Aim of the exercise:
Set down the line that has "this 1782×1336 image." and each line beneath it, through the last line of the entries, exactly and with no others.
[Opening Exercise inputs section]
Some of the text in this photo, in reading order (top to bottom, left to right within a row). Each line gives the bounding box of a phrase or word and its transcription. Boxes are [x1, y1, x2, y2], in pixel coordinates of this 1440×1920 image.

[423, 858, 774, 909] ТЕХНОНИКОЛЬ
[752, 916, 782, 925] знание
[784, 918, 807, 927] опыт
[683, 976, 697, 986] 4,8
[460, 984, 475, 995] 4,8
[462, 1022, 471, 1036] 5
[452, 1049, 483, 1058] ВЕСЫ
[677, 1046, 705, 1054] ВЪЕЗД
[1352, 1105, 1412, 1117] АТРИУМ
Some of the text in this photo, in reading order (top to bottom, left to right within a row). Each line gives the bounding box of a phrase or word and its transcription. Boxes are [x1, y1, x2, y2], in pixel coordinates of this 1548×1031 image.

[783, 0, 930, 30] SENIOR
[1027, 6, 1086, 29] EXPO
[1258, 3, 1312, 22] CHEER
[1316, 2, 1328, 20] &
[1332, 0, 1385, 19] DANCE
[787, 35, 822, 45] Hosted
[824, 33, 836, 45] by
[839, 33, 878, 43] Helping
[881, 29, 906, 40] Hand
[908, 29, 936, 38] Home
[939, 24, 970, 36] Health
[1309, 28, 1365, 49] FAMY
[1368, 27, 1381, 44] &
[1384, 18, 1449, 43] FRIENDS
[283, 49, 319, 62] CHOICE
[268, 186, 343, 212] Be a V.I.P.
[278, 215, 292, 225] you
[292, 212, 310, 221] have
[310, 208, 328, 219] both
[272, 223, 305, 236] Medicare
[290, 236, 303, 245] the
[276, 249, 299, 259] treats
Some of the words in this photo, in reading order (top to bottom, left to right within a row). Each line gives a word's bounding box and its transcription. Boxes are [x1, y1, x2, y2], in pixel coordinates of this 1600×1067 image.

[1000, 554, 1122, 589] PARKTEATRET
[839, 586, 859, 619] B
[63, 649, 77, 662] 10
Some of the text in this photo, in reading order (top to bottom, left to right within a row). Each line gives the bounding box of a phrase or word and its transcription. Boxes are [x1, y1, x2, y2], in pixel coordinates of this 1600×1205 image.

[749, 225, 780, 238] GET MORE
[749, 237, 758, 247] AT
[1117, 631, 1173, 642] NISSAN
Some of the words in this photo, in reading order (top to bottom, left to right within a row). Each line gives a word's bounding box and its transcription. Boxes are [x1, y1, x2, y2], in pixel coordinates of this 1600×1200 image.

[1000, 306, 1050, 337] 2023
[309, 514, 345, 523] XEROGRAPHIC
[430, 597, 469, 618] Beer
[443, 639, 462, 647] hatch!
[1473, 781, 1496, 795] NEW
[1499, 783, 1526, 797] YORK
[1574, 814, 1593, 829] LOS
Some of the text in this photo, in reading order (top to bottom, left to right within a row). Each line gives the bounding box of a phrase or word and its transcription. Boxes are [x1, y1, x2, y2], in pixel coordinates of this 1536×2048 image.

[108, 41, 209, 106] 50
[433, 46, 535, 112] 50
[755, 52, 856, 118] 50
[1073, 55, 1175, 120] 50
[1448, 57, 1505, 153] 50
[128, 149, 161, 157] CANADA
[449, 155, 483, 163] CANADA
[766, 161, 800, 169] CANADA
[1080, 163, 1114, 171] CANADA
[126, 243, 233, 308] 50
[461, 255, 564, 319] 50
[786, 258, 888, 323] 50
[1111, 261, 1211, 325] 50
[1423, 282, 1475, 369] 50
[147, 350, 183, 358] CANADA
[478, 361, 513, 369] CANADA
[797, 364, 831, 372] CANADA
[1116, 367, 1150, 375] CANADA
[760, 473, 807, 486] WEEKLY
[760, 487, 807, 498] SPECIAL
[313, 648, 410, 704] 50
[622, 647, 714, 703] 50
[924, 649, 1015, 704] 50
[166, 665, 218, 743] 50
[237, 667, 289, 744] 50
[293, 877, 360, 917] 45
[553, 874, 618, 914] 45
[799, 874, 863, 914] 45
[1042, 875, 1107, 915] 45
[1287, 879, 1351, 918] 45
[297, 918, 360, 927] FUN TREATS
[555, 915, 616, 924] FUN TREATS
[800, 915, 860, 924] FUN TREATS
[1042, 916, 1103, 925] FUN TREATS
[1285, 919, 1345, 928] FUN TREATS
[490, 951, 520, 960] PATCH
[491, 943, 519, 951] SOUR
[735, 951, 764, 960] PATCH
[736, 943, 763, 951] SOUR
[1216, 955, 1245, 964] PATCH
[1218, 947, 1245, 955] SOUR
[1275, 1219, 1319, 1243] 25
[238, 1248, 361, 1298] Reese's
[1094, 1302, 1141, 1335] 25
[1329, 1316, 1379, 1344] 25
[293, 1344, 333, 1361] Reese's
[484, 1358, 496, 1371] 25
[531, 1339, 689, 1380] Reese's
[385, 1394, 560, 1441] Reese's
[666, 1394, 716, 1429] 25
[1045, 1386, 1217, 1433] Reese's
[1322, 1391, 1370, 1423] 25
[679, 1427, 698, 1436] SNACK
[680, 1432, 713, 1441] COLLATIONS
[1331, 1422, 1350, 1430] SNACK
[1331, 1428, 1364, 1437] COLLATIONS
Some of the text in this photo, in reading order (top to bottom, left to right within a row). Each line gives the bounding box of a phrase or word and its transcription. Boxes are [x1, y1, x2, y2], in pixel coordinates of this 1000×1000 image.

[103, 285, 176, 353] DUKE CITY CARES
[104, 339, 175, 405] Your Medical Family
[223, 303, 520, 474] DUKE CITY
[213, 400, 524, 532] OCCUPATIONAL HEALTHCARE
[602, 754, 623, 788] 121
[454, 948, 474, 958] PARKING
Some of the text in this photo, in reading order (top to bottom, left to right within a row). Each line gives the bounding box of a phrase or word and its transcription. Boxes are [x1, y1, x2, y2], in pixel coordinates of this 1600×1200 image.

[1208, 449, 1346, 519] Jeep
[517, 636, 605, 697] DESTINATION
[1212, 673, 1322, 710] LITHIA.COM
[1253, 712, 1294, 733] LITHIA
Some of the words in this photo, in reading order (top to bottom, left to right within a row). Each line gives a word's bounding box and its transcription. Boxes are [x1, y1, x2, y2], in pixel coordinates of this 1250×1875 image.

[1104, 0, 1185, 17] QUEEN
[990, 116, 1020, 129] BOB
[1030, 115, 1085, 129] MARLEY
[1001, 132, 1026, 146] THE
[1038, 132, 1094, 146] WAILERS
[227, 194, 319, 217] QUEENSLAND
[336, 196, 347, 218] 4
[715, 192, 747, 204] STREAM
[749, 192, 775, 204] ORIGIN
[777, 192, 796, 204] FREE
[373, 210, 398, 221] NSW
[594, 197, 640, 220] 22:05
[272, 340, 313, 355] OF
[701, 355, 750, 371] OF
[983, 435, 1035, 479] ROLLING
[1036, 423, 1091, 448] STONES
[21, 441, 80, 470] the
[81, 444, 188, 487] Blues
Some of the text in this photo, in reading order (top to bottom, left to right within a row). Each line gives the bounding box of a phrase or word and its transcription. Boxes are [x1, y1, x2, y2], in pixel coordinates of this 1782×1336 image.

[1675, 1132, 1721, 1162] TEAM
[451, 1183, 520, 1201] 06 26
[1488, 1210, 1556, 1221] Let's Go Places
[Closing Exercise inputs section]
Exercise response:
Some of the text in this photo, in reading order (top to bottom, left to right within a row). Each line gives the bounding box of a phrase or word and its transcription. Boxes are [x1, y1, x2, y2], in pixel coordinates of this 1782×1336 image.

[1675, 1132, 1721, 1162] TEAM
[451, 1183, 520, 1201] 06 26
[1488, 1210, 1556, 1221] Let's Go Places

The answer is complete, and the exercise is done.